Am Mittwoch hatte großteils Uneinigkeit über die Bewertung des Großereignisses, der Trauerfeier, und besonders über Paris' Auftritt geherrscht. Die Kleine war, als die ganze Familie auf der Bühne stand, um sich bei allen Fans des verstorbenen Megastars zu bedanken, mutig ans Mikrofon getreten und hatte geschluchzt: "Seit ich geboren wurde, war Daddy der beste Vater, den man sich vorstellen kann. Ich will nur sagen, ich liebe ihn so sehr!" Kaum ein Auge, das bei diesen Worten trocken blieb.

In den USA wurde der Auftritt und die gesamte Trauerfeier, die Jackson alles in allem zu rehabilitieren versuchte, zunächst als würdevoll und gelungen gelobt. Auch in Europa titelten einige Zeitungen am Mittwoch: "Jacksons Tochter rührt die Welt zu Tränen". Doch wurden auch Stimmen des Unbehagens laut.

"Bloß ein Statement für den Richter"

Am Mittwochmorgen legte die "Society- Expertin" des Sat.1- Frühstücksfernsehens, Sibylle Weischenberg, los: "Das ist immer ein rührender Moment, wenn die Kinder des Toten trauern oder die Kinder, die in seiner Obhut waren. Aber, das kann ja nicht die Maßgabe sein." Dann führte sie weiter aus, dass der Jackson- Clan offensichtlich weiter seinem Muster folge und Kinder "vorführe". Der Auftritt sei im Grunde bloß ein Statement an den Richter gewesen, der demnächst entscheiden soll, wo die Kinder aufwachsen.

Über die Tochter sagte Weischenberg: "Die durfte nie mit der Öffentlichkeit sprechen und musste jetzt. Man hielt ihr noch das Mikrofon hin, damit sie verdammt noch mal den Eindruck erweckt: 'Die Kinder sind bei uns gut aufgehoben' (...) Das war Holzhammer- Methode. Es war ganz furchtbar."

Nach dem Tod ist die Schranke weg

In diesem Zusammenhang fällt erneut auf, dass es in Amerika einen anderen Umgang mit Kindern von Prominenten gibt. Während viele Stars im deutschsprachigen Raum ihre minderjährigen Kinder von der Öffentlichkeit fernhalten, ist es in den USA zumindest üblicher, mit den Kleinen aufzutreten. Umstrittene Beispiele der vergangenen Jahre sind dabei sicherlich die Promi- Paare Tom Cruise/Katie Holmes und ihre Tochter Suri oder das Power- Paar Brad Pitt/Angelina Jolie und ihr Nachwuchs. Zu seinen Lebzeiten hatte Michael Jackson seine geheimnisvoll gezeugten Kinder eigentlich streng abgeschottet. Nun, nach seinem Tod, ist diese Schranke plötzlich weg - in seinem Sinne?

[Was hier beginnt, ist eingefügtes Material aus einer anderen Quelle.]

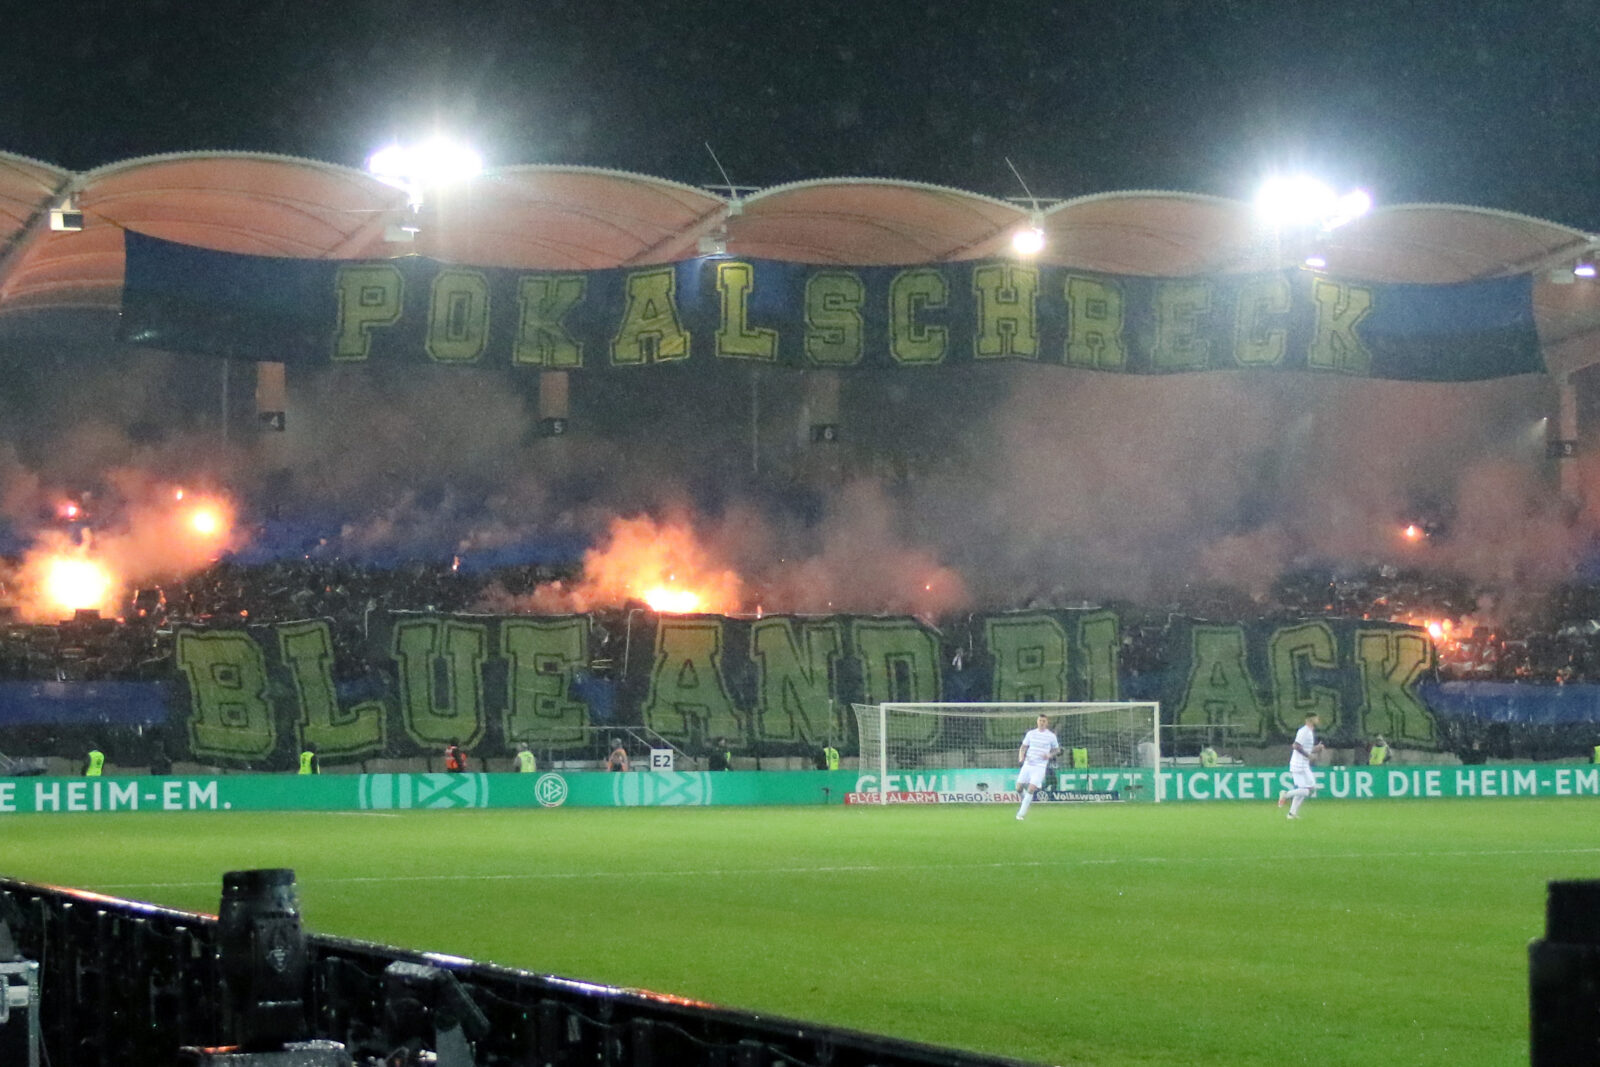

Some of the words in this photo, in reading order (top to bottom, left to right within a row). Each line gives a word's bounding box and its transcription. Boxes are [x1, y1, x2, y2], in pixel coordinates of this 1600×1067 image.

[331, 260, 1372, 376] POKALSCHRECK
[174, 616, 592, 762] BLUE
[641, 612, 945, 752] AND
[653, 755, 671, 767] E2
[35, 780, 233, 811] HEIM-EM.
[849, 792, 936, 803] FLYEALARM
[1053, 792, 1113, 801] Volkswagen
[1046, 773, 1142, 798] ETZT
[1154, 772, 1296, 799] TICKETS
[1312, 766, 1374, 797] FÜR
[1388, 771, 1441, 796] DIE

"In diesem Moment wurde Jackson sehr lebendig"

Der Medienpsychologe Jo Groebel sagte am Mittwoch: "Der Moment, in dem die Tochter auftrat, hat bei mir und bei vielen anderen, glaube ich, zwiespältige Gefühle hinterlassen." Auf der einen Seite habe man das Gefühl gehabt: "Ein Kind gehört nicht so deutlich ausgestellt." Auf der anderen Seite müsse man aber auch sagen: "Das war ein Moment, in dem Michael Jackson sehr lebendig wurde. Während er lebte, hatte man ja immer das Gefühl, es ist alles sehr künstlich."

Groebel erinnerte daran, dass auch bei John F. Kennedy 1963 der damalige Präsidentensohn zu sehen war - berühmt das Bild, auf dem der Dreijährige vor dem Sarg seines Vaters salutiert. Eigentlich sei doch klar: "Ein Kind gehört natürlich auf die Trauerfeier seines Vaters."